A Justiça de Castilla e León, na Espanha, decidiu que o acidente que resultou na morte de Diogo Jota e de seu irmão, André Silva, em julho de 2025, não configurou crime. Essa conclusão foi divulgada após investigações realizadas por peritos que analisaram as circunstâncias do evento trágico.
Os especialistas concluíram que a hipótese de um pneu da Lamborghini ter estourado em alta velocidade durante uma ultrapassagem na rodovia A-52, na região de Zamora, não se sustenta. Após a colisão, o veículo atingiu o canteiro central e pegou fogo, resultando na morte dos irmãos.
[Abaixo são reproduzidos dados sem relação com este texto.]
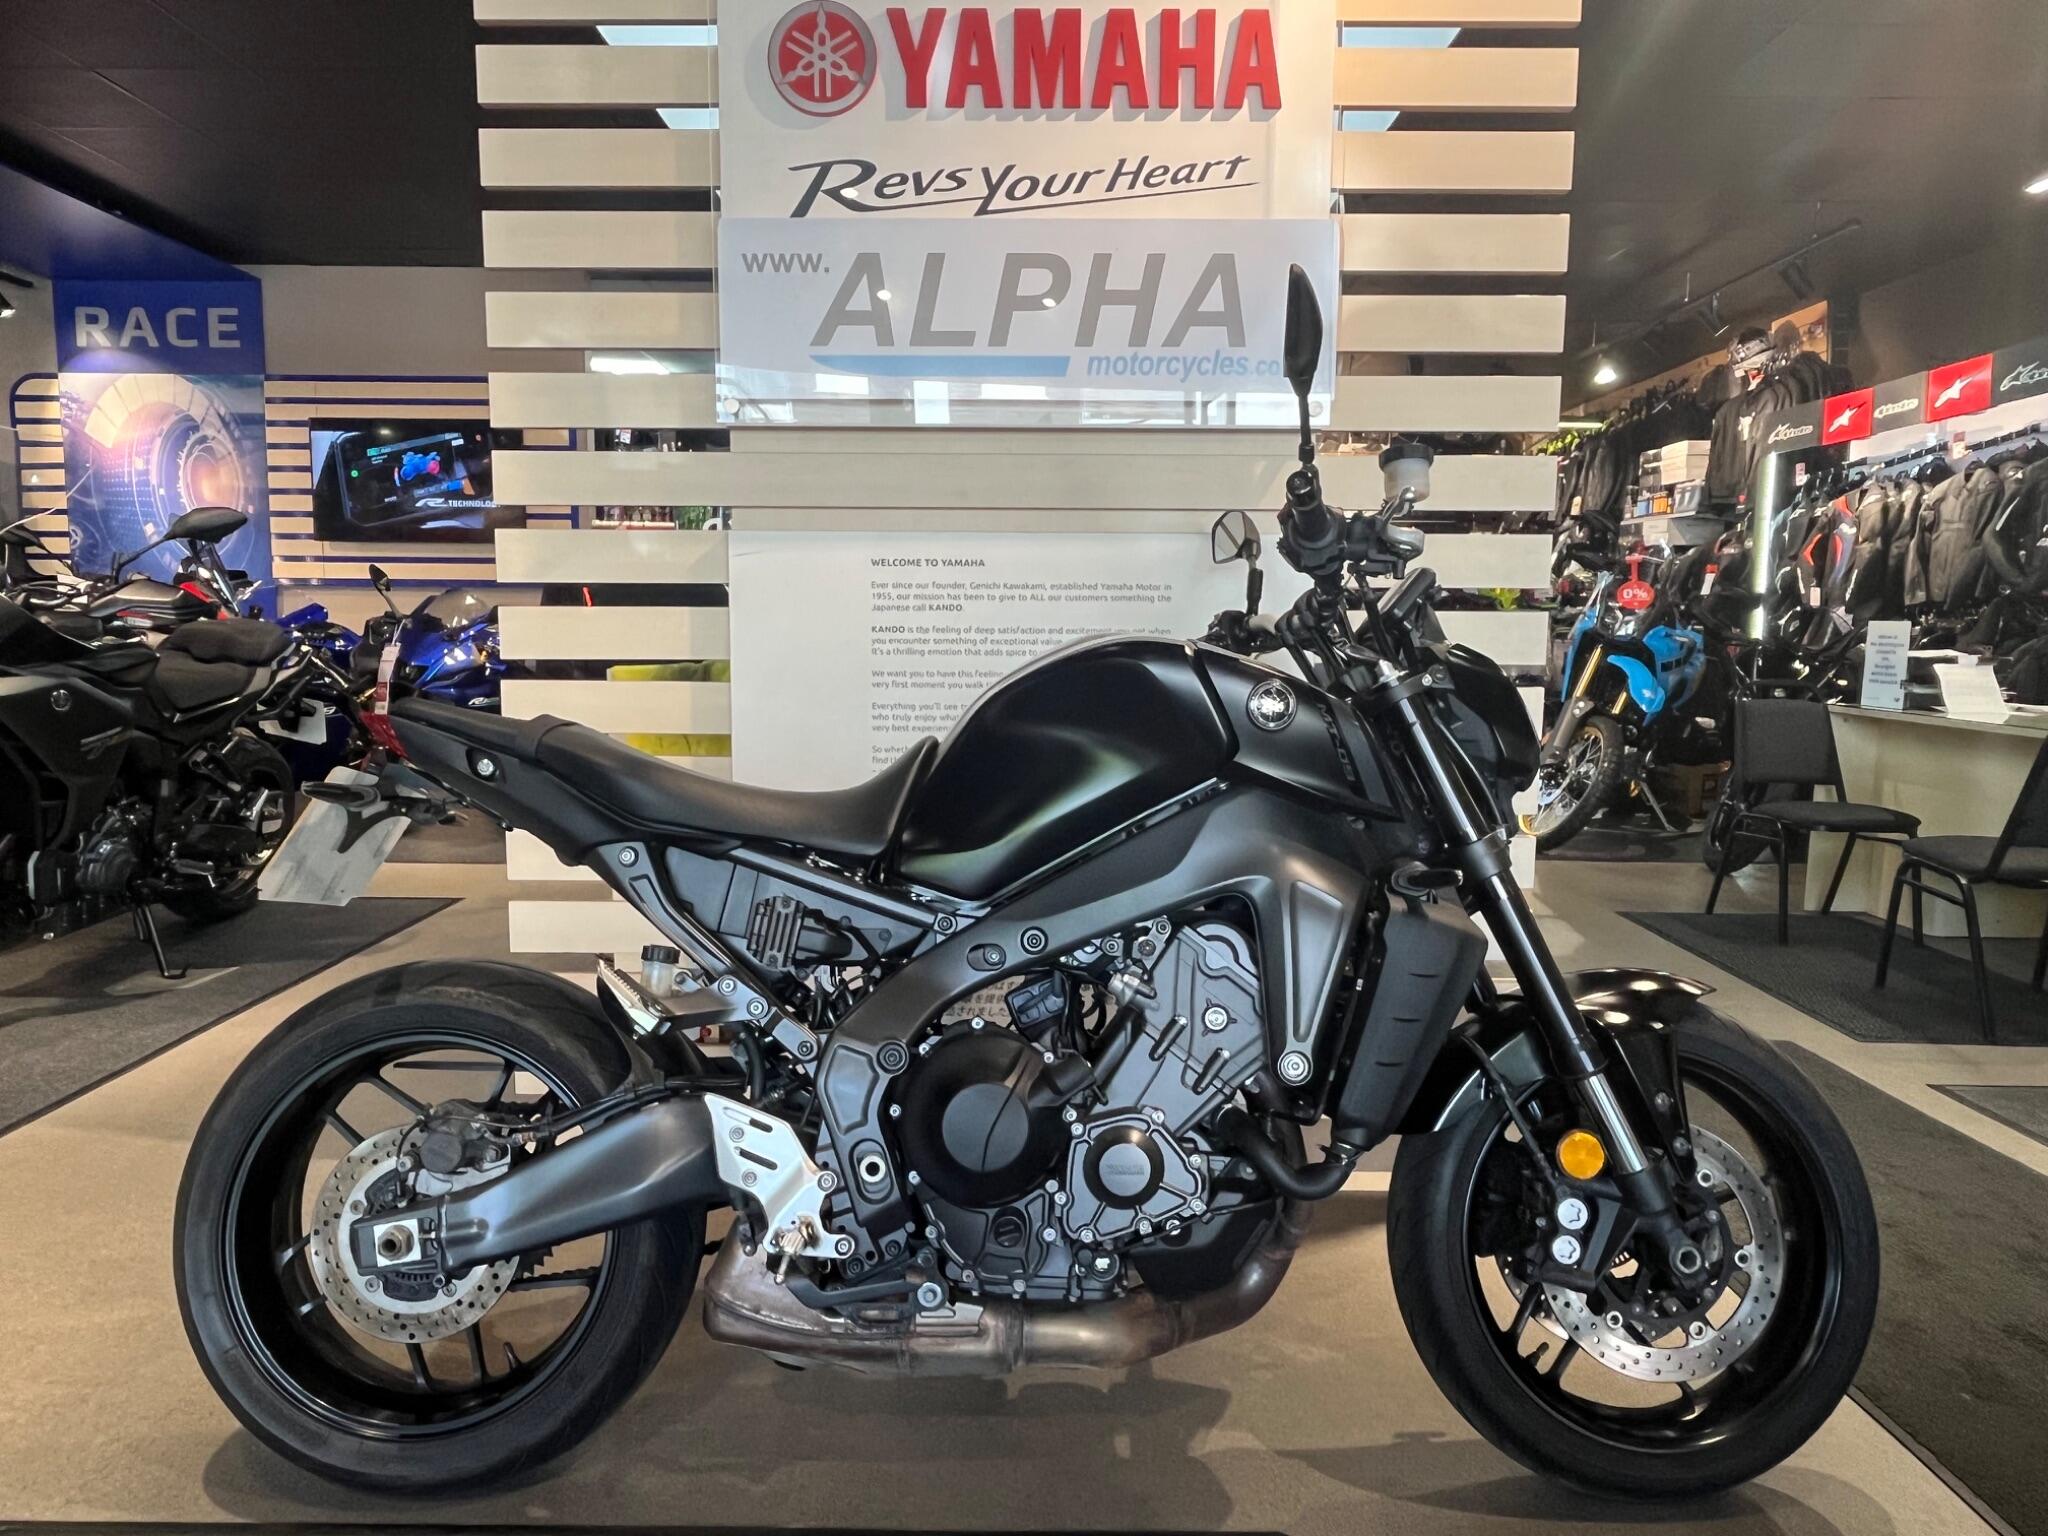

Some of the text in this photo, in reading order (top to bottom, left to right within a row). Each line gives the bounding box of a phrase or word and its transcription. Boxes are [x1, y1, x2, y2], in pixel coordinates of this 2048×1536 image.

[886, 7, 1282, 109] YAMAHA
[789, 155, 1252, 218] Revs Your Heart
[741, 252, 1248, 348] www. ALPHA
[74, 306, 241, 349] RACE
[1087, 349, 1281, 383] motorcycles.co
[871, 558, 985, 567] WELCOME TO YAMAHA
[871, 581, 889, 590] Ever
[891, 581, 913, 590] since
[932, 581, 968, 591] founder,
[969, 581, 1001, 590] Genichi
[1003, 582, 1047, 592] Kawakami,
[1049, 582, 1098, 591] established
[1100, 582, 1133, 591] Yamaha
[1135, 583, 1161, 591] Motor
[1164, 583, 1172, 591] in
[872, 592, 895, 602] 1955,
[913, 592, 945, 601] mission
[946, 592, 961, 601] has
[963, 592, 985, 601] been
[999, 593, 1016, 603] give
[1029, 593, 1046, 601] ALL
[1064, 594, 1108, 602] customers
[1110, 593, 1155, 603] something
[1157, 594, 1172, 602] the
[1622, 588, 1648, 599] 0%
[871, 603, 910, 613] Japanese
[912, 603, 927, 612] call
[871, 625, 906, 634] KANDO
[907, 625, 914, 634] is
[916, 625, 930, 634] the
[932, 625, 962, 636] feeling
[963, 625, 972, 634] of
[974, 626, 996, 636] deep
[998, 626, 1046, 635] satisfaction
[1047, 626, 1064, 635] and
[871, 638, 887, 647] you
[888, 637, 930, 645] encounter
[932, 636, 977, 647] something
[979, 636, 988, 645] of
[990, 637, 1038, 647] exceptional
[893, 647, 926, 658] thrilling
[927, 648, 959, 656] emotion
[960, 648, 982, 656] that
[983, 648, 1003, 657] adds
[1005, 648, 1026, 658] spice
[871, 670, 885, 678] We
[886, 670, 907, 678] want
[909, 671, 925, 680] you
[936, 670, 956, 678] have
[958, 670, 974, 678] this
[871, 682, 889, 690] very
[891, 681, 908, 689] first
[910, 681, 946, 689] moment
[964, 681, 984, 689] walk
[872, 702, 916, 713] Everything
[871, 713, 889, 722] who
[892, 713, 912, 723] truly
[914, 714, 937, 723] enjoy
[871, 725, 890, 733] very
[891, 724, 910, 732] best
[872, 745, 882, 753] So
[872, 756, 889, 765] find
Com base nas evidências coletadas no local e nos laudos técnicos elaborados por especialistas em acidentes de trânsito, a Justiça determinou que não há fundamentos para a abertura de processos criminais relacionados às mortes.
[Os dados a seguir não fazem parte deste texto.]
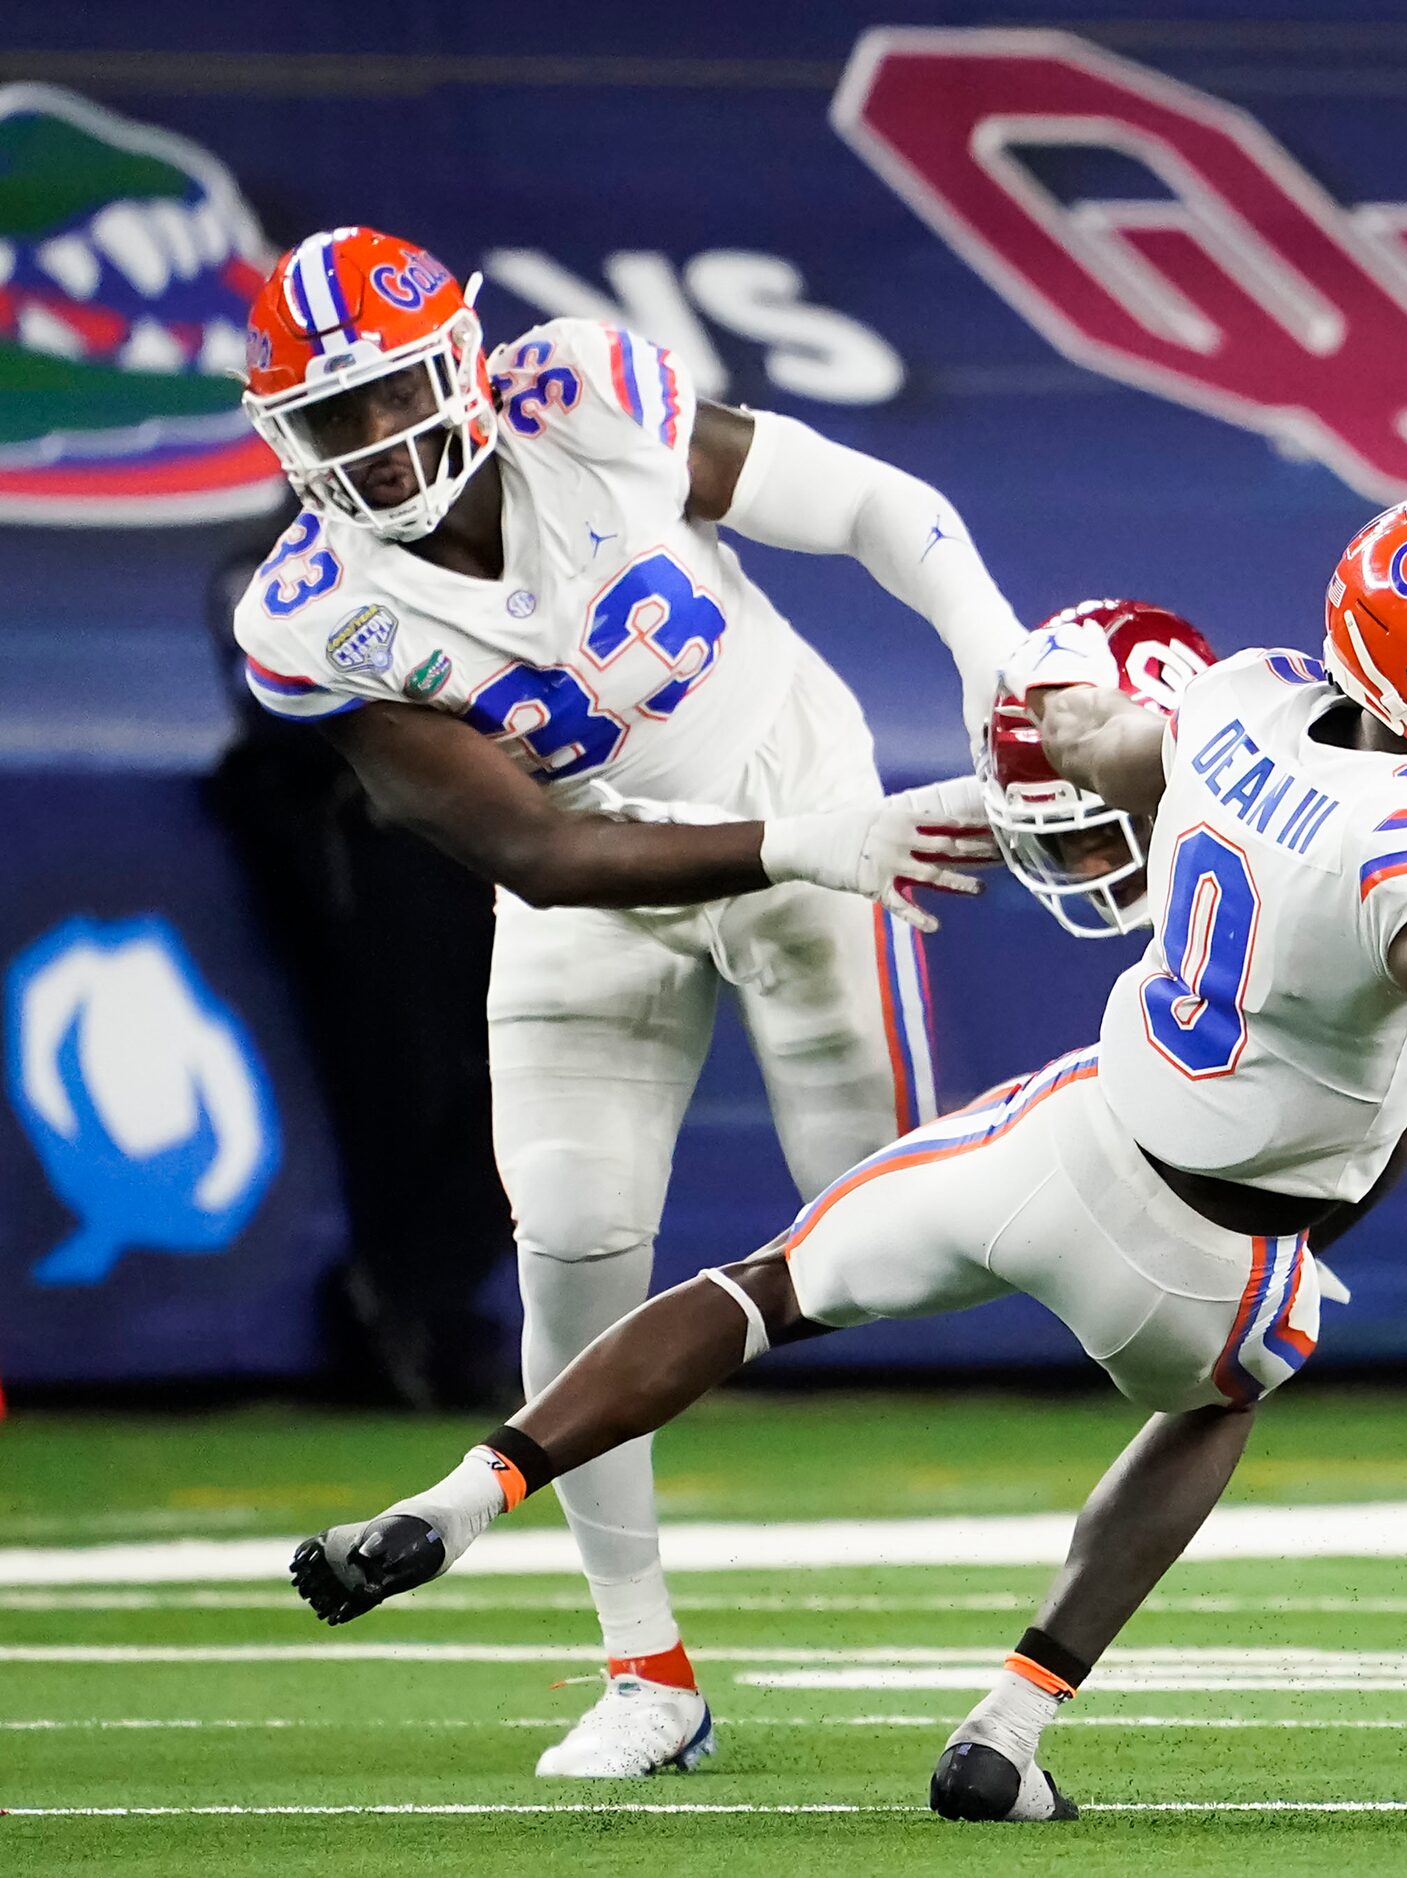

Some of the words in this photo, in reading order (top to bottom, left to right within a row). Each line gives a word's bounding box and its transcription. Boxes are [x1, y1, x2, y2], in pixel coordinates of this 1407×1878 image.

[484, 247, 904, 404] VS
[259, 511, 344, 619] 33
[455, 544, 728, 784] 33
[1191, 718, 1296, 834] DEAN
[1276, 787, 1340, 855] III
[1139, 821, 1262, 1082] 0
Diogo Jota, que tinha 28 anos, e André Silva, de 25 anos, estavam em férias após o sucesso de Jota na conquista da Liga das Nações com a seleção de Portugal, além de sua trajetória vitoriosa no Liverpool, onde foi campeão inglês. Por sua vez, André Silva jogava pelo Penafiel, equipe da segunda divisão de Portugal.
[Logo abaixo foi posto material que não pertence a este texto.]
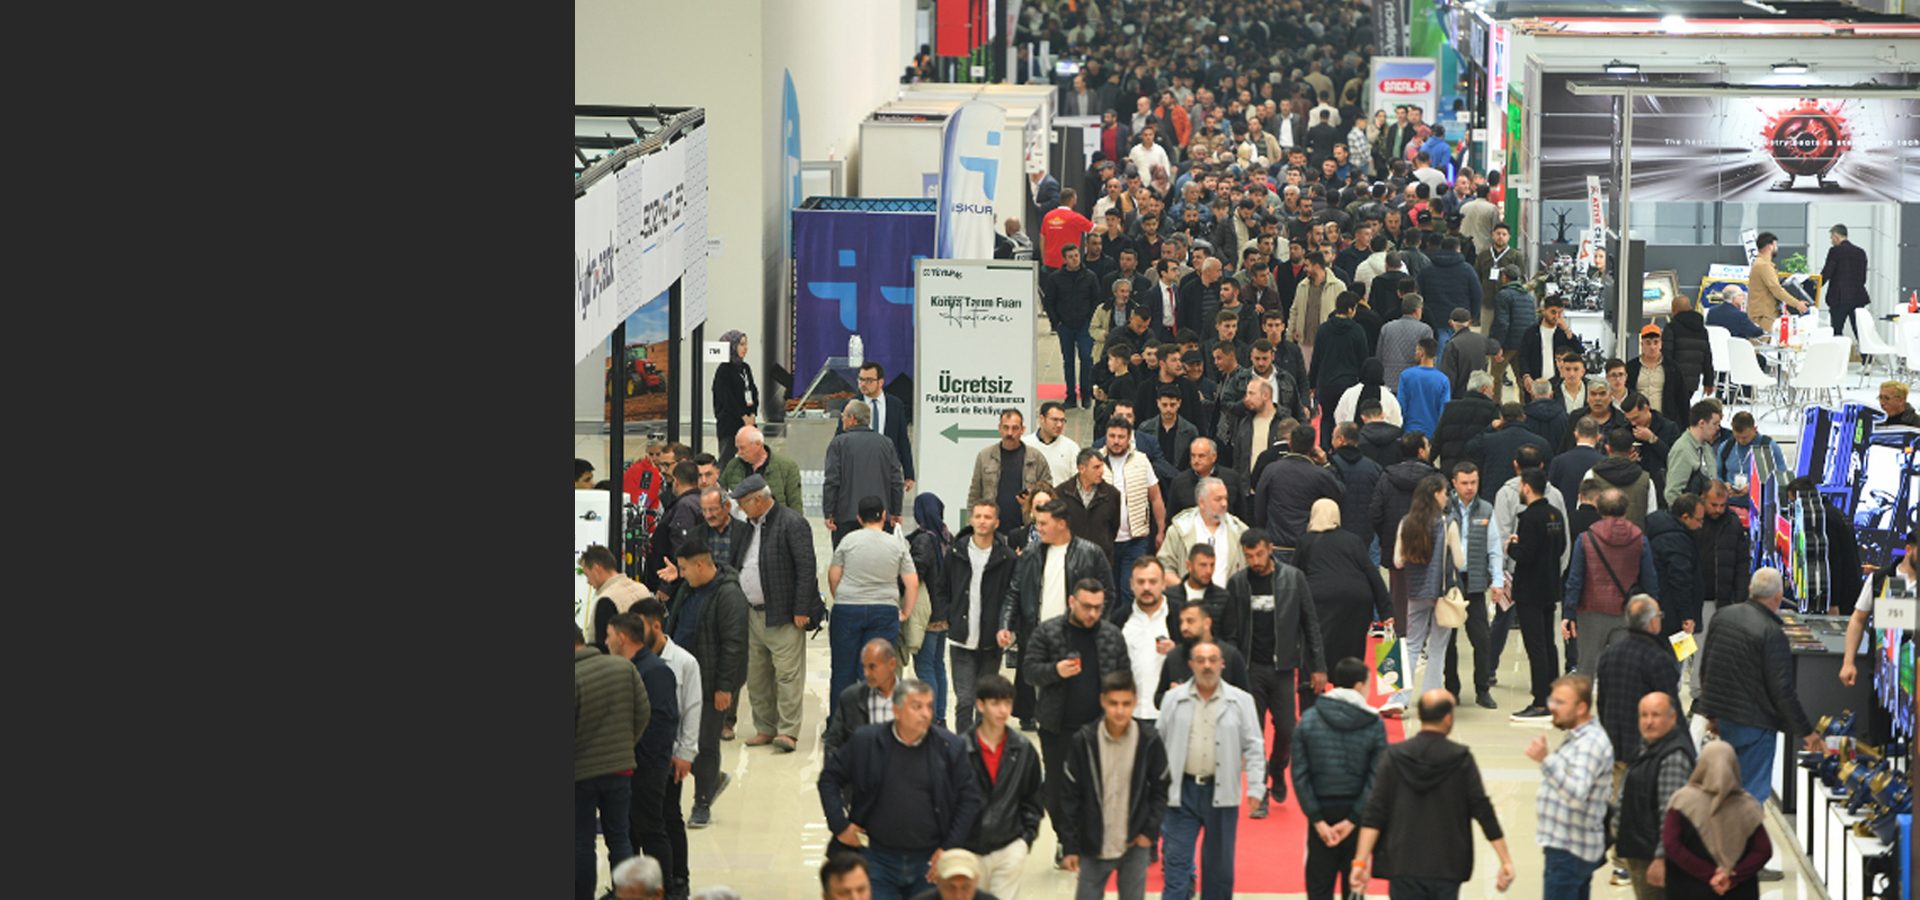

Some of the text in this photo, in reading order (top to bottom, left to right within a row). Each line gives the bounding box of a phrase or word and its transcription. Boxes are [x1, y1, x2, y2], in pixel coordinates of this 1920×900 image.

[930, 296, 962, 309] Konya
[964, 297, 994, 308] Tarım
[939, 370, 1013, 393] Ücretsiz
As conclusões do Tribunal Superior refletem um fechamento de um caso que gerou grande comoção não apenas entre familiares e amigos, mas também entre os fãs dos dois atletas, que eram bem conhecidos no cenário esportivo. As investigações agora encerradas deixam um luto que ainda perdura entre os admiradores da carreira dos irmãos.